Emoji Prediction in Tweets using BERT

Muhammad Osama Nusrat,Zeeshan Habib,Mehreen Alam,Saad Ahmed Jamal
2023-08-26
Abstract:In recent years, the use of emojis in social media has increased dramatically, making them an important element in understanding online communication. However, predicting the meaning of emojis in a given text is a challenging task due to their ambiguous nature. In this study, we propose a transformer-based approach for emoji prediction using BERT, a widely-used pre-trained language model. We fine-tuned BERT on a large corpus of text (tweets) containing both text and emojis to predict the most appropriate emoji for a given text. Our experimental results demonstrate that our approach outperforms several state-of-the-art models in predicting emojis with an accuracy of over 75 percent. This work has potential applications in natural language processing, sentiment analysis, and social media marketing.
Computation and Language,Artificial Intelligence
What problem does this paper attempt to address?

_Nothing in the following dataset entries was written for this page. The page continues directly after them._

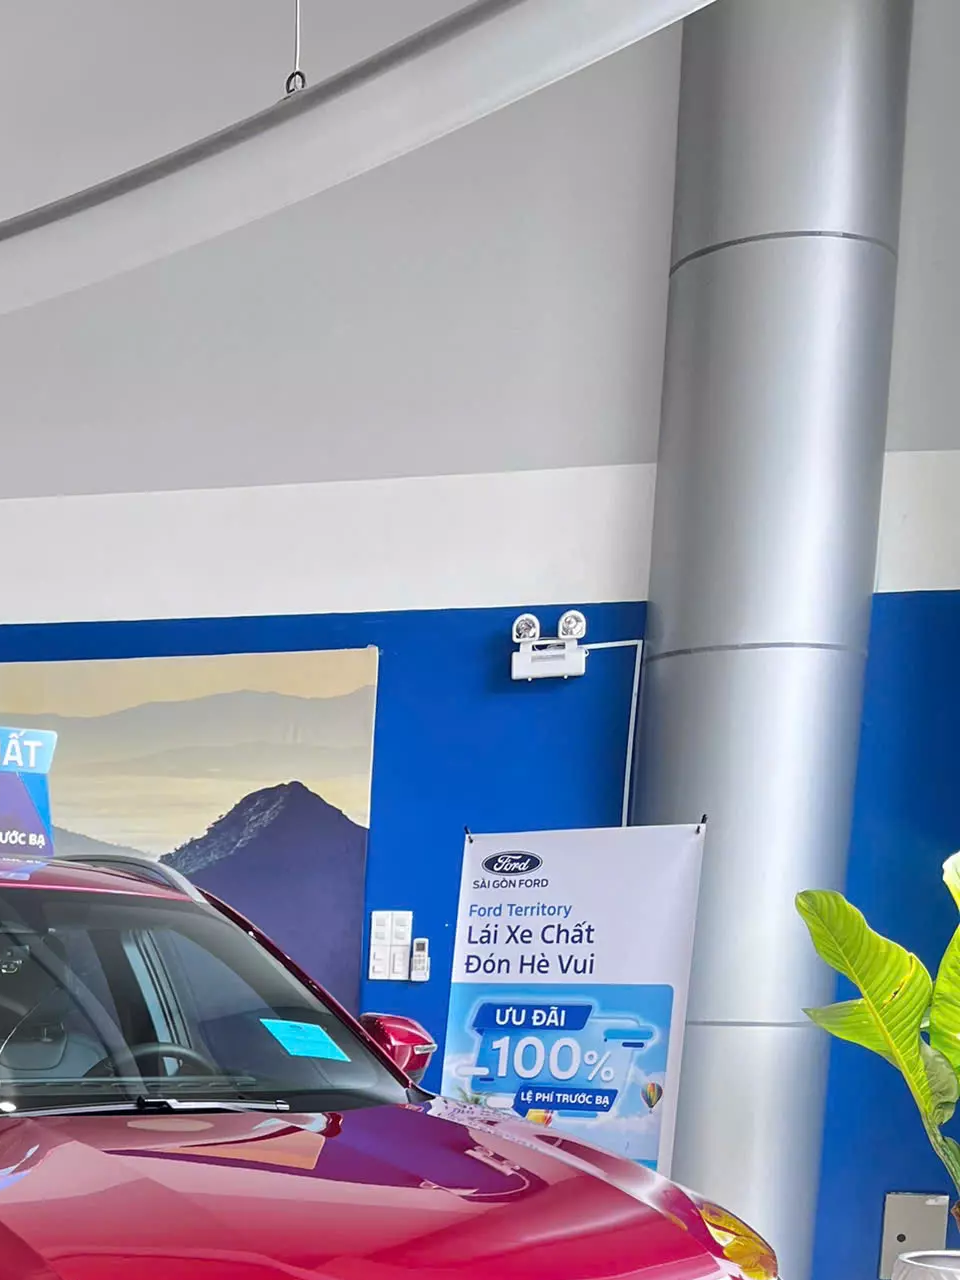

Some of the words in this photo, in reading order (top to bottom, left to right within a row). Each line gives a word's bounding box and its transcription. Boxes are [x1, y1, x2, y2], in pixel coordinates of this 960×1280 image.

[28, 833, 46, 849] BẠ
[493, 855, 530, 872] Ford
[472, 878, 490, 890] SÀI
[492, 877, 517, 889] GÒN
[518, 878, 549, 888] FORD
[469, 904, 503, 917] Ford
[507, 902, 573, 919] Territory
[467, 923, 499, 945] Lái
[505, 924, 533, 945] Xe
[541, 920, 595, 945] Chất
[464, 953, 510, 974] Đón
[519, 952, 550, 974] Hè
[558, 953, 595, 974] Vui
[495, 1006, 526, 1026] ƯU
[531, 1007, 566, 1027] ĐÃI
[491, 1035, 615, 1082] 100%
[521, 1089, 533, 1104] LỆ
[535, 1091, 554, 1103] PHÍ
[555, 1091, 593, 1105] TRƯỚC
[594, 1097, 610, 1107] BẠ

This paper attempts to address the problem of predicting the most appropriate emoji in social media texts (such as tweets). Specifically, due to the increasing use of emojis in online communication and their often ambiguous meanings, predicting the most suitable emoji for a given text is a challenging task. The authors propose a BERT-based transformer approach to predict the most appropriate emoji for a given text by fine-tuning BERT on a large dataset of tweets containing both text and emojis. ### Main Contributions of the Paper: 1. **Proposed a BERT-based transformer approach**: Utilized a pre-trained BERT model and fine-tuned it to predict emojis in a given text. 2. **Experimental results demonstrate the effectiveness of the method**: Conducted experiments on two different datasets, showing that the method achieves over 75% accuracy in emoji prediction tasks. 3. **Explored the impact of different factors on model performance**: Including the size of the training data, the number of emojis, etc. 4. **Potential applications**: This research has potential applications in fields such as natural language processing, sentiment analysis, and social media marketing. ### Specific Problems Addressed: - **Ambiguity of emojis**: Emojis can have different meanings in different contexts, making it challenging to accurately predict the most appropriate emoji for a given text. - **Diversity and scale of datasets**: Lack of large-scale, diverse datasets to train and evaluate models. - **Cross-linguistic and cultural diversity**: Emojis used in different languages and cultures vary significantly, necessitating the development of language and culture-specific models. Through this research, the authors hope to improve the effectiveness of communication on social media platforms, particularly in cases of ambiguous text, by adding emojis to increase the clarity of information.